■ YOUR GOAL:
Every entry below must be repeated exactly; skip the pictures.

■ Dataset entries:
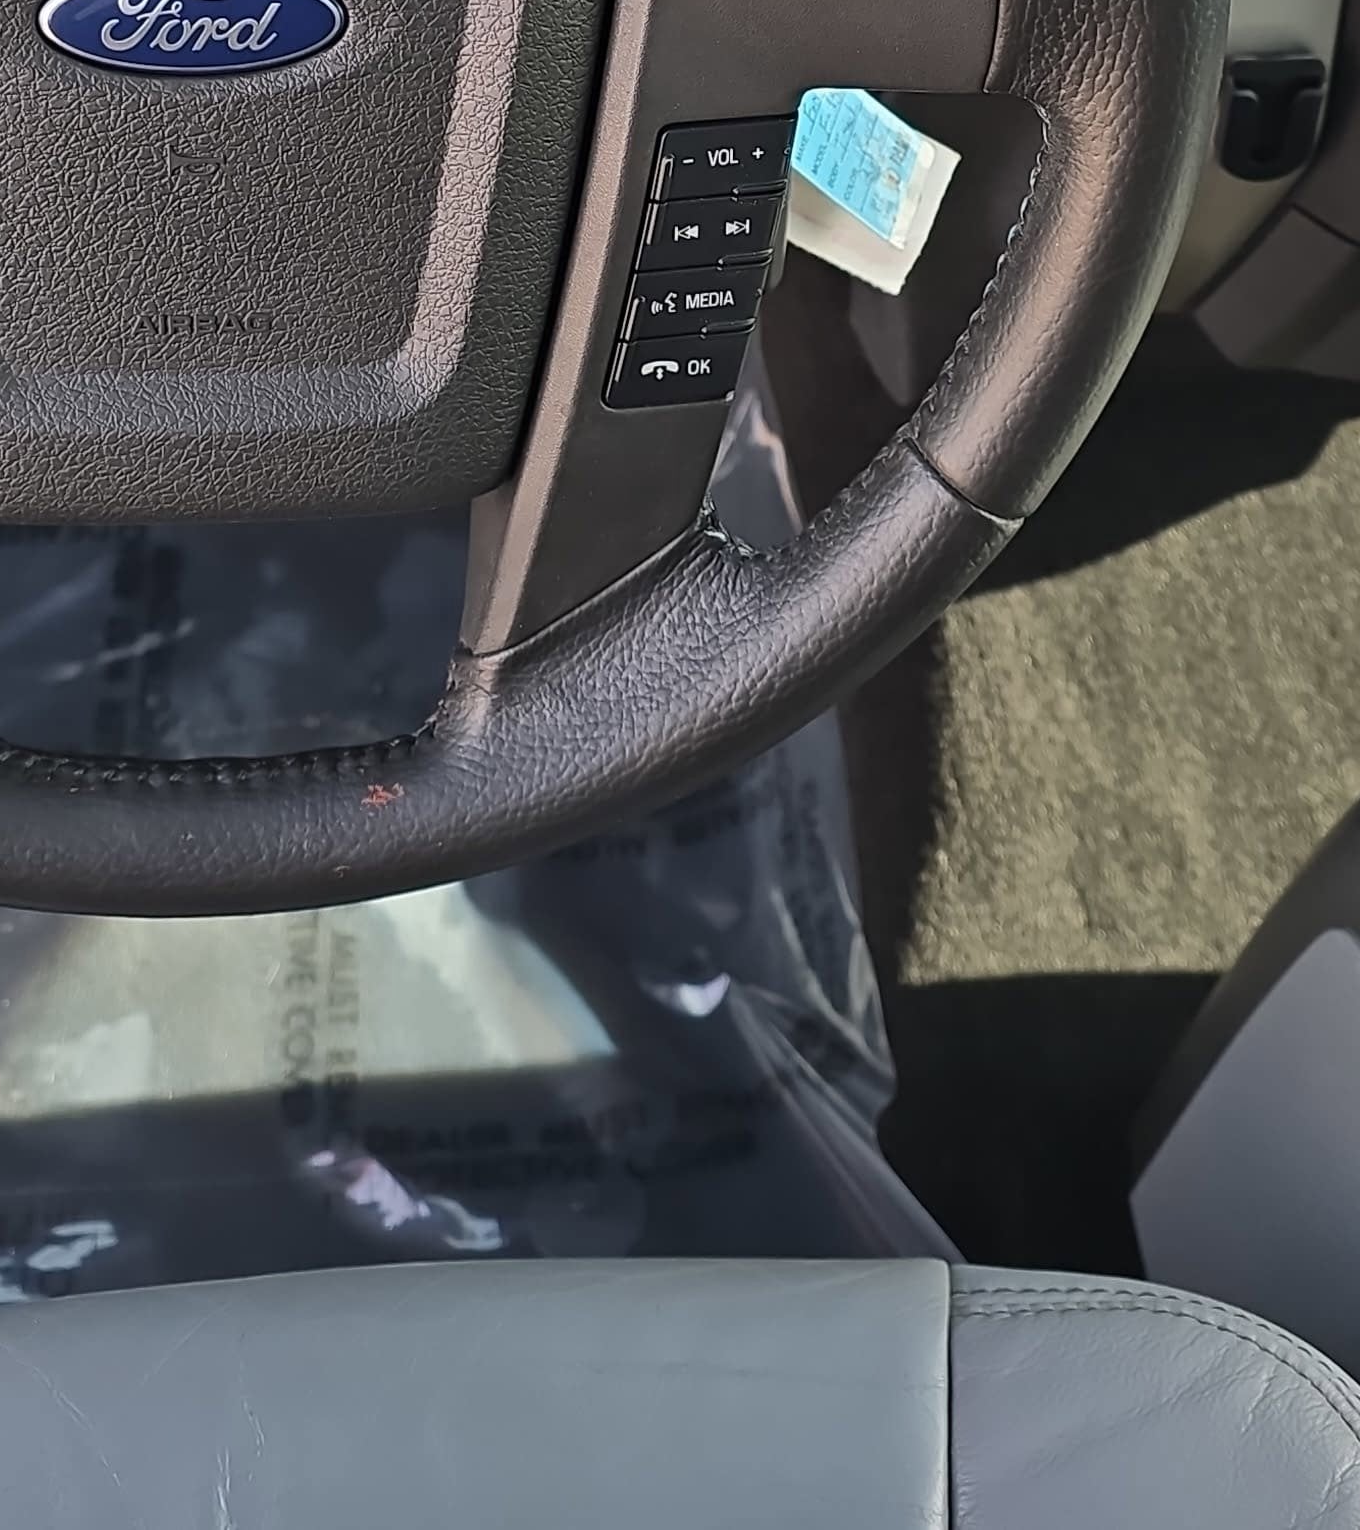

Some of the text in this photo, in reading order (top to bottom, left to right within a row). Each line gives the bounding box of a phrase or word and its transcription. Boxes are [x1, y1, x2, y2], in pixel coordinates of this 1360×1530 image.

[707, 148, 738, 167] VOL
[685, 290, 734, 310] MEDIA
[131, 310, 272, 335] AIRBAG
[688, 359, 711, 375] OK

■ RESPONSE:
Some of the text in this photo, in reading order (top to bottom, left to right within a row). Each line gives the bounding box of a phrase or word and its transcription. Boxes are [x1, y1, x2, y2], in pixel coordinates of this 1360×1530 image.

[707, 148, 738, 167] VOL
[685, 290, 734, 310] MEDIA
[131, 310, 272, 335] AIRBAG
[688, 359, 711, 375] OK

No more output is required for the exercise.